Project

Background

Reducing the consumption of food of animal origin is a major environmental, public health and economic challenge. However, plant-based diets may lead to some nutritional deficiencies insofar as certain essential nutrients are only present in small quantities in plants.

Objective

In this context, VegPregnancy aims at studying the influence of plant-based diet during pregnancy on both mother’s and child’s health, and to explore potential intermediate factors to help elucidate associated mechanisms.

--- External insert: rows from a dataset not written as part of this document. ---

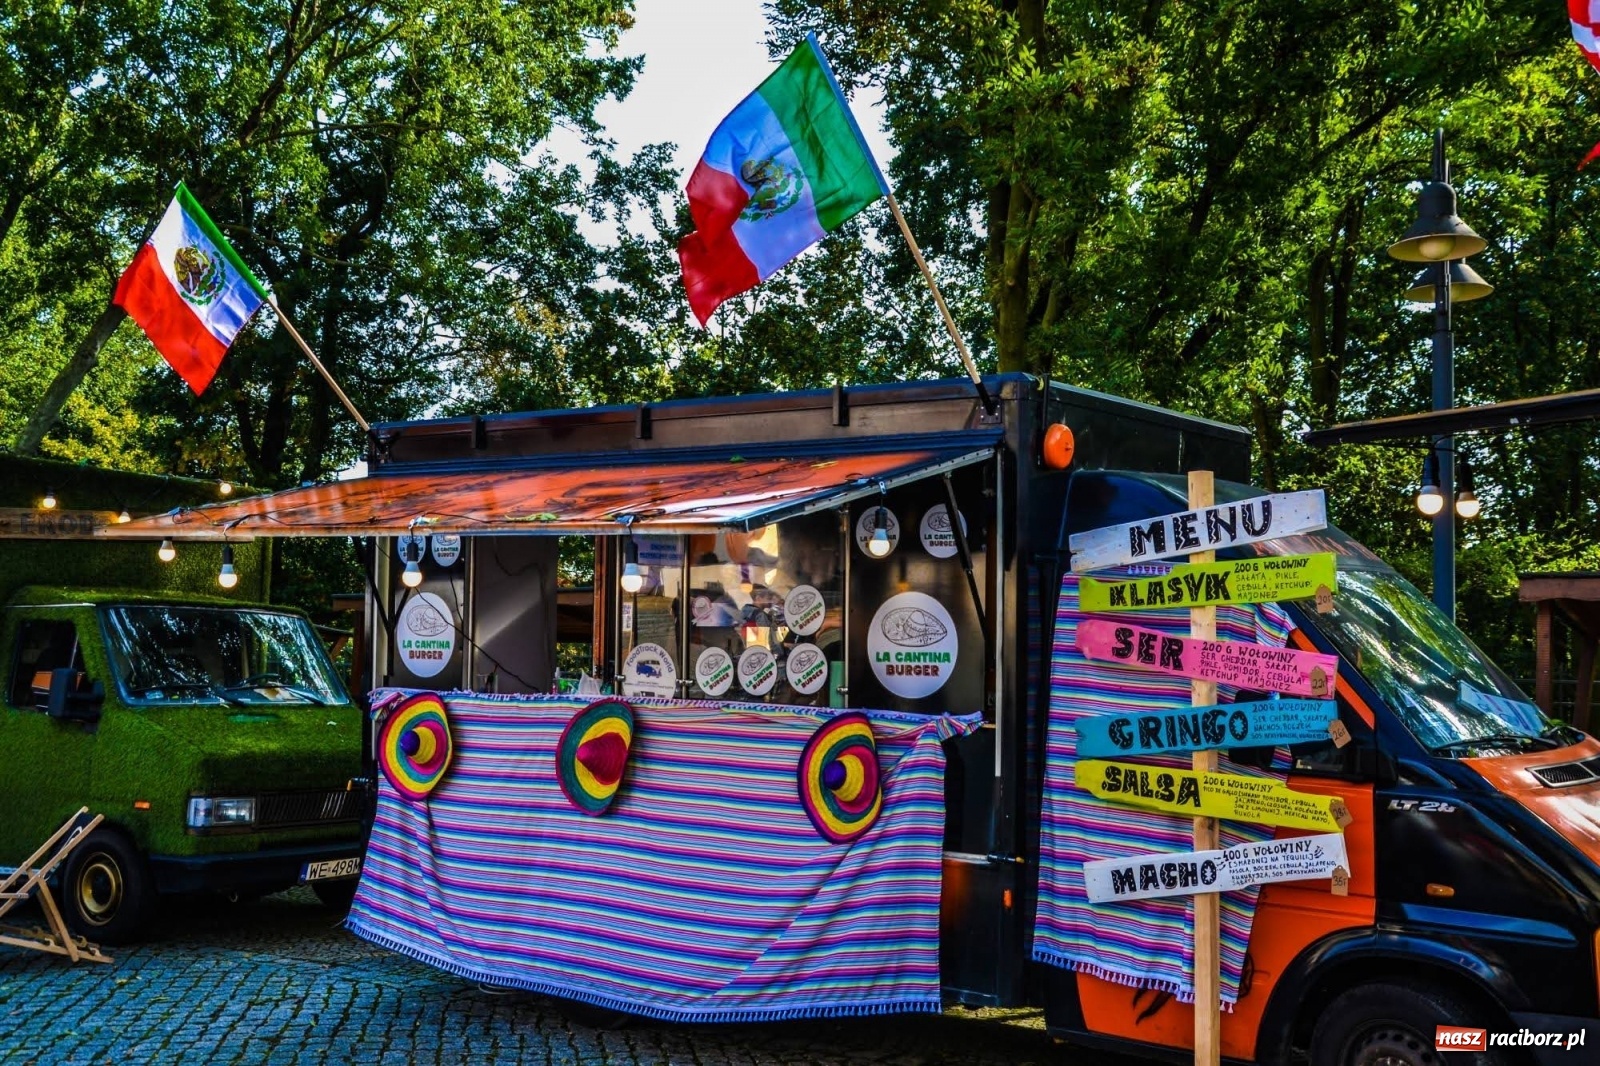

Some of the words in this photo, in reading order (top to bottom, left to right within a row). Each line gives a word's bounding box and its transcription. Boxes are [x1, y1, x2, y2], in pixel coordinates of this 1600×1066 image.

[1130, 500, 1272, 557] MENU
[1234, 562, 1251, 573] 200
[1264, 558, 1310, 570] WOŁOWINY
[1238, 590, 1278, 601] MAJONEZ
[792, 620, 800, 628] LA
[800, 602, 822, 621] CANTINA
[798, 610, 820, 630] BURGER
[402, 640, 412, 648] LA
[414, 640, 450, 650] CANTINA
[1111, 627, 1184, 671] SER
[1202, 641, 1222, 653] 200
[1226, 646, 1232, 654] G
[1238, 646, 1296, 664] WOŁOWINY
[408, 650, 444, 660] BURGER
[658, 650, 674, 672] World
[876, 651, 890, 662] LA
[895, 652, 951, 663] CANTINA
[1200, 652, 1216, 660] SER
[702, 680, 710, 688] LA
[710, 664, 732, 680] CANTINA
[746, 680, 752, 688] LA
[753, 662, 775, 680] CANTINA
[794, 678, 802, 686] LA
[802, 660, 826, 680] CANTINA
[801, 669, 824, 688] BURGER
[886, 664, 940, 676] BURGER
[709, 672, 730, 690] BURGER
[752, 670, 773, 690] BURGER
[1247, 676, 1291, 691] MAJONEZ
[1278, 702, 1323, 712] WOŁOWINY
[1108, 709, 1248, 750] GRINGO
[1102, 766, 1201, 808] SALSA
[1227, 780, 1274, 792] WOŁOWINY
[1388, 800, 1418, 810] LT
[1253, 840, 1312, 856] WOŁOWINY
[310, 862, 328, 878] WE
[1111, 860, 1216, 894] MACHO

Project Organization and Outline

The project is based on four complementary birth cohorts: ELFE (n=18,329), EDEN (n=2002), SEPAGES (n=484) and VEGALIM (n~600); and one adult cohort: NutriNet-Santé (8500 pregnancies reported during follow-up). A 1st part will be devoted to the influence of plant-based diet during pregnancy and maternal cardiometabolic health and child’s growth and cardiometabolic health. A 2nd part will be devoted to maternal postpartum depression and child’s cognitive and behavioural development. A 3rd part will focus on child’s allergic and respiratory health and, then, puberty. A large part of VegPregnancy will examine, on a sub-sample within each cohort, whether some biological markers (or feeding practices) are related to plant-based diet during pregnancy and could be considered as mediating factors between plant-based diet during pregnancy and both mother’s and child’s outcomes. We will consider biomarkers of maternal nutritional status, placental epigenetic patterns, breastmilk composition (fatty acids, human milk oligosaccharides, cytokines) and gut microbiome in early childhood.

 

Partnership

Multidisciplinary, VegPregnancy associates complementary expertise: epidemiology, immunology, microbiota, epigenetic, nutrition, mental health, respiratory health.